Segment Open
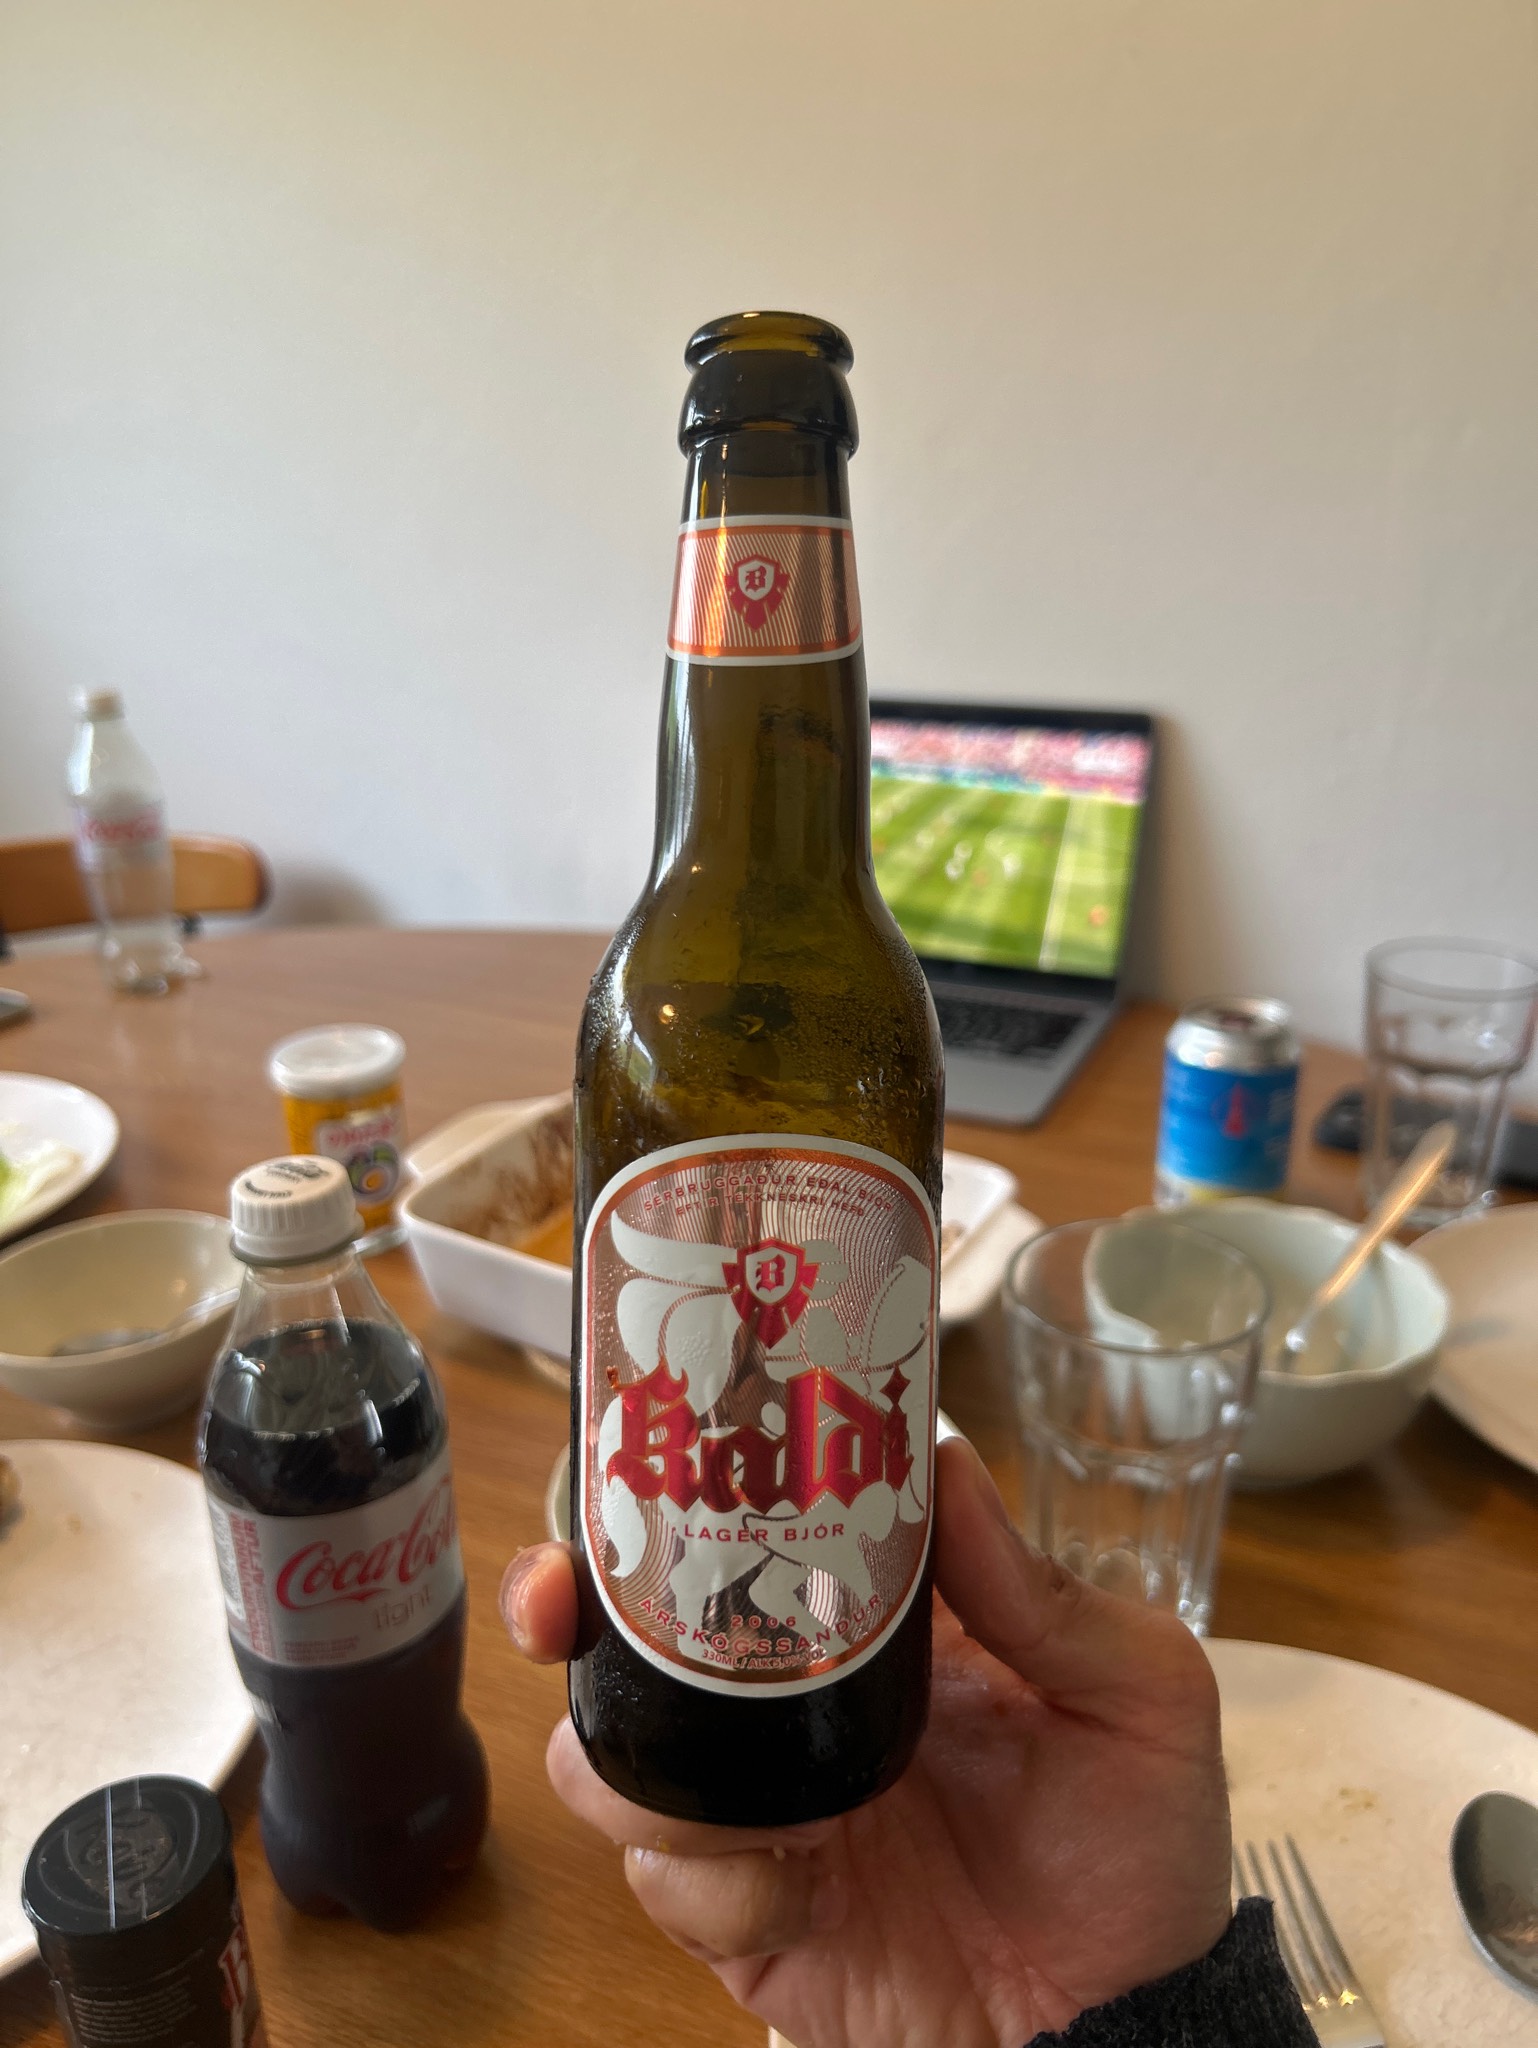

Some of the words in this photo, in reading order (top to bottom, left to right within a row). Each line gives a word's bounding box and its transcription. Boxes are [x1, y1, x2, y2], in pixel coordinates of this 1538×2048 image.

[745, 565, 767, 593] B
[755, 1253, 786, 1292] B
[606, 1353, 914, 1515] Kaldi
[684, 1522, 769, 1543] LAGER
[784, 1522, 845, 1543] BJÓR
[731, 1614, 797, 1629] 2006
[703, 1649, 739, 1667] 330ML
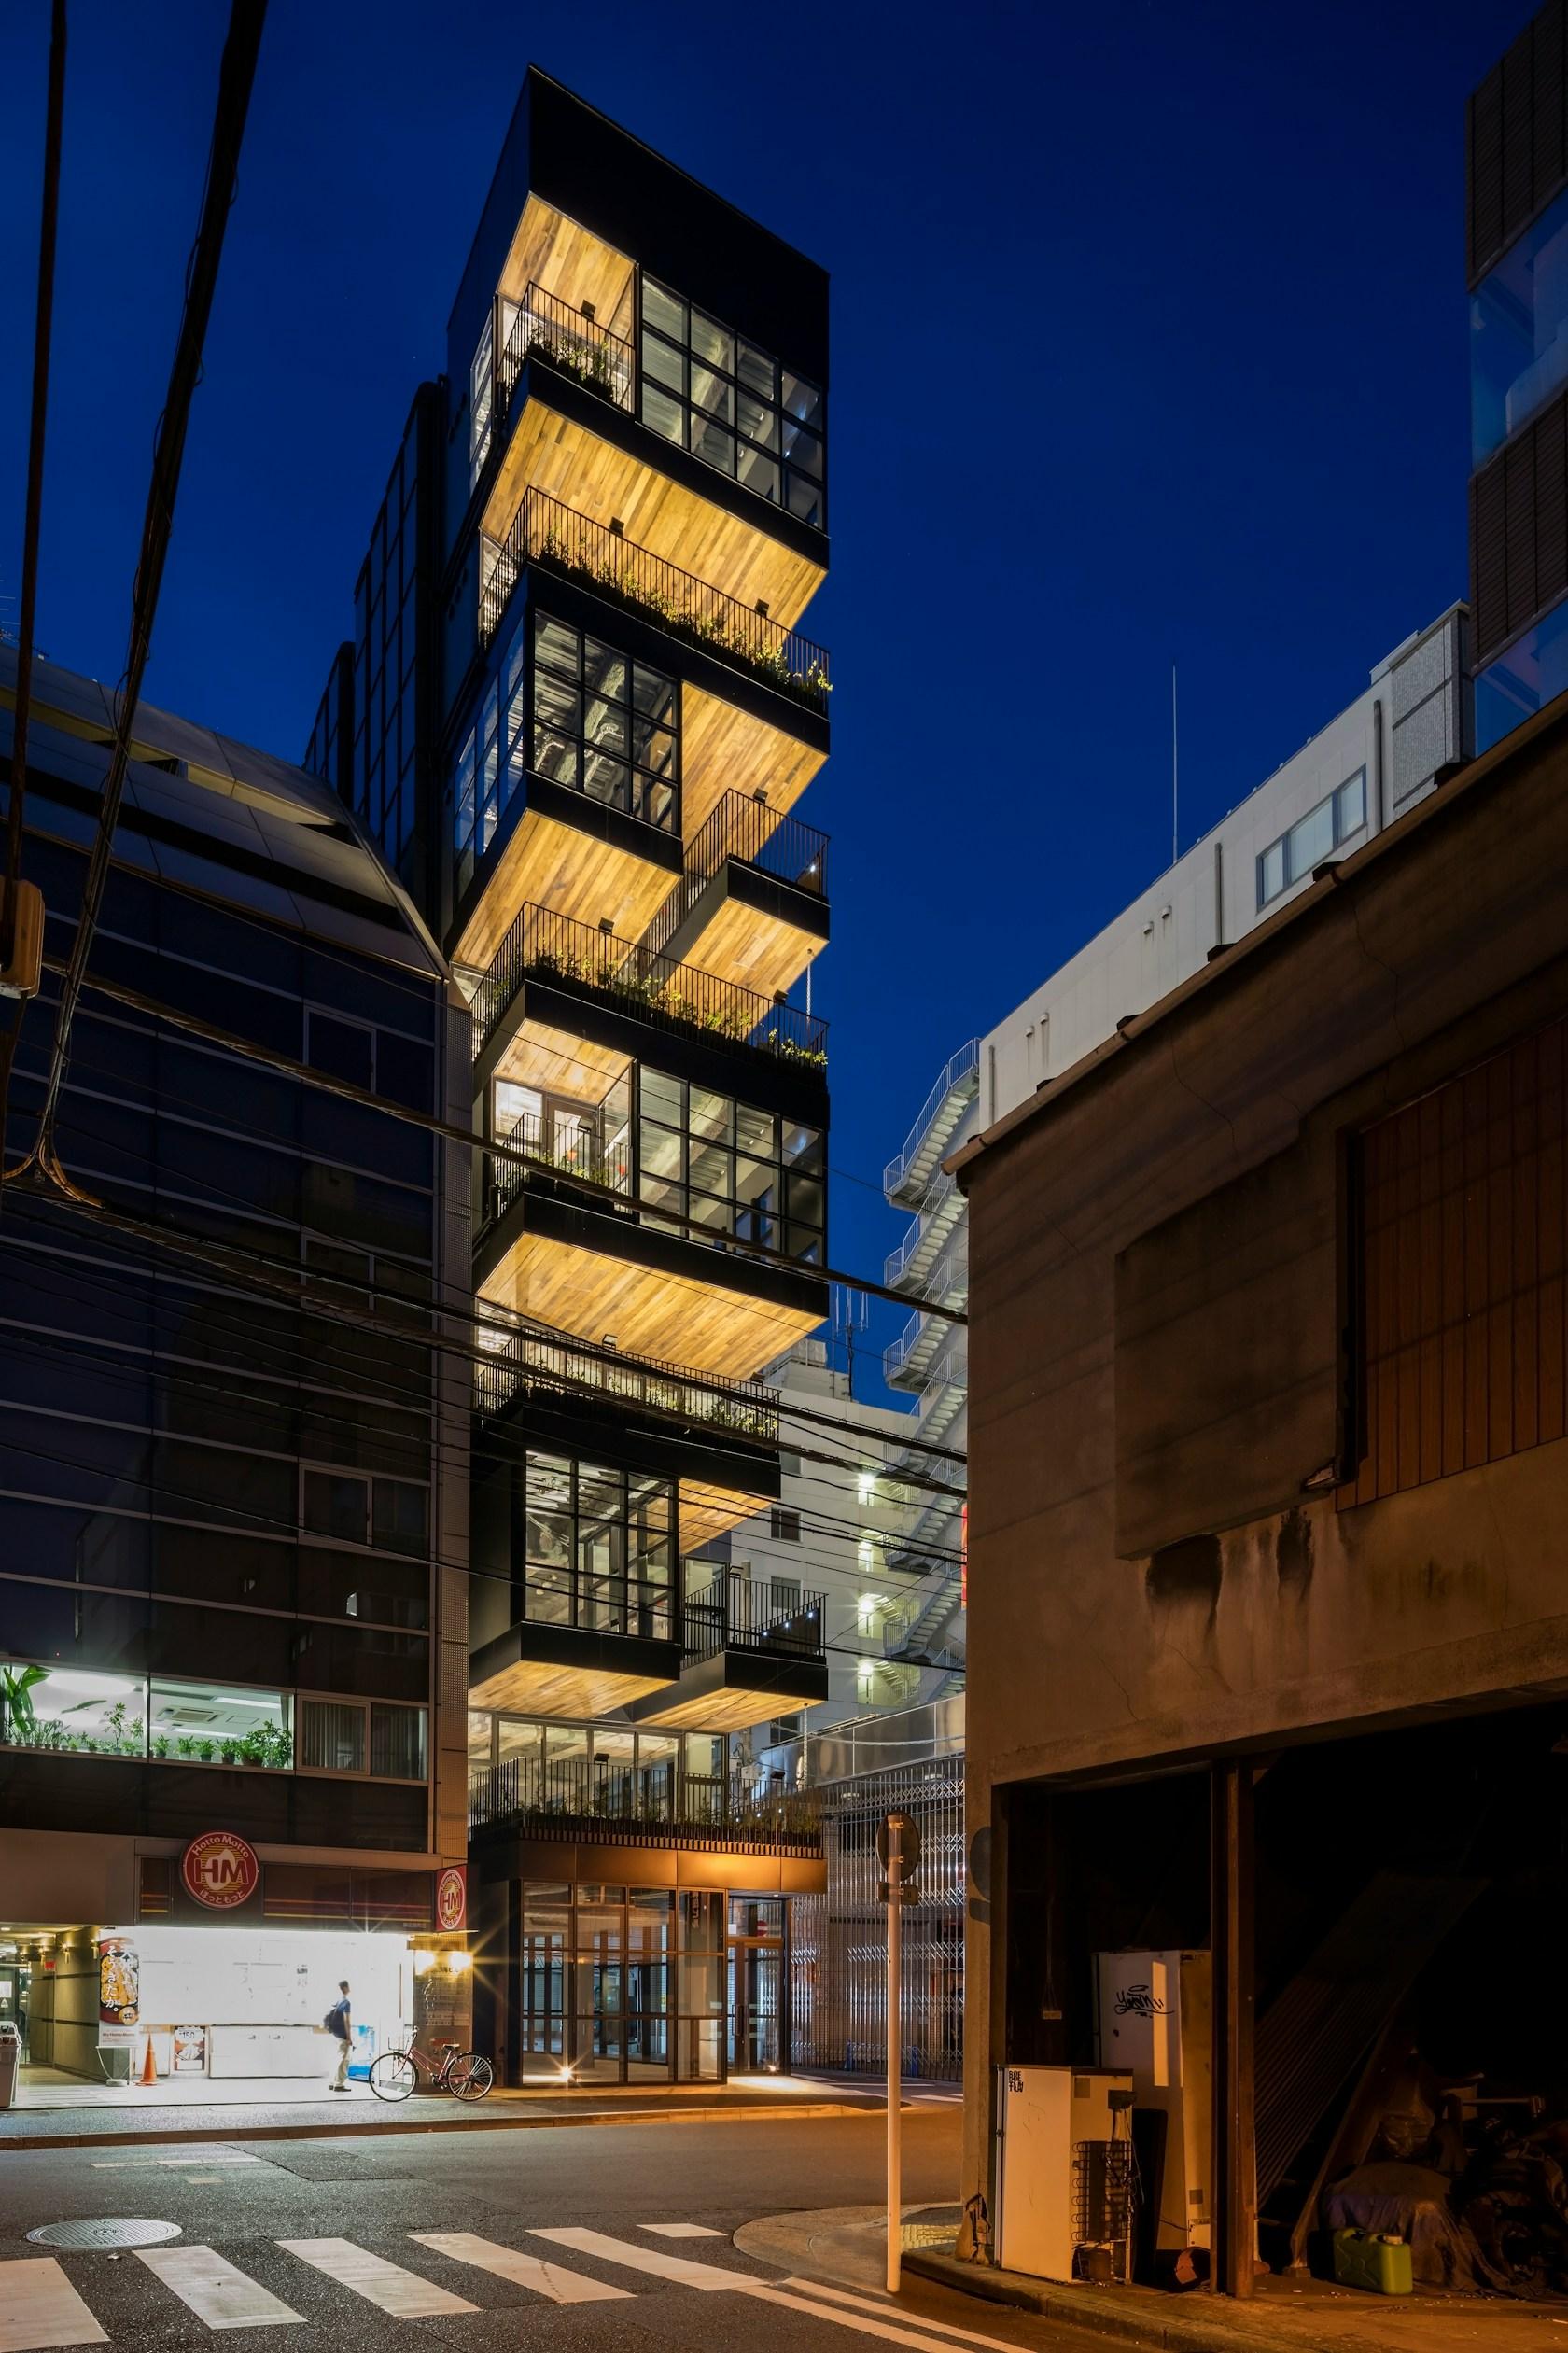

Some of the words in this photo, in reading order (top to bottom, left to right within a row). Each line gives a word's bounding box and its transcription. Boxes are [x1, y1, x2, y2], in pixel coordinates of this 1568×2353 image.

[192, 1837, 220, 1856] Hotto
[221, 1835, 249, 1858] Motto
[193, 1857, 249, 1885] HM
[199, 1888, 244, 1904] ほっともっと
[441, 1890, 461, 1912] HM
Segment Closed
> PROBLEM:
Without the images, output all the entries exactly as they stand.

> RESPONSE TO THE TASK:
Some of the words in this photo, in reading order (top to bottom, left to right within a row). Each line gives a word's bounding box and its transcription. Boxes are [x1, y1, x2, y2], in pixel coordinates of this 1538×2048 image.

[745, 565, 767, 593] B
[755, 1253, 786, 1292] B
[606, 1353, 914, 1515] Kaldi
[684, 1522, 769, 1543] LAGER
[784, 1522, 845, 1543] BJÓR
[731, 1614, 797, 1629] 2006
[703, 1649, 739, 1667] 330ML

Some of the words in this photo, in reading order (top to bottom, left to right within a row). Each line gives a word's bounding box and its transcription. Boxes are [x1, y1, x2, y2], in pixel coordinates of this 1568×2353 image.

[192, 1837, 220, 1856] Hotto
[221, 1835, 249, 1858] Motto
[193, 1857, 249, 1885] HM
[199, 1888, 244, 1904] ほっともっと
[441, 1890, 461, 1912] HM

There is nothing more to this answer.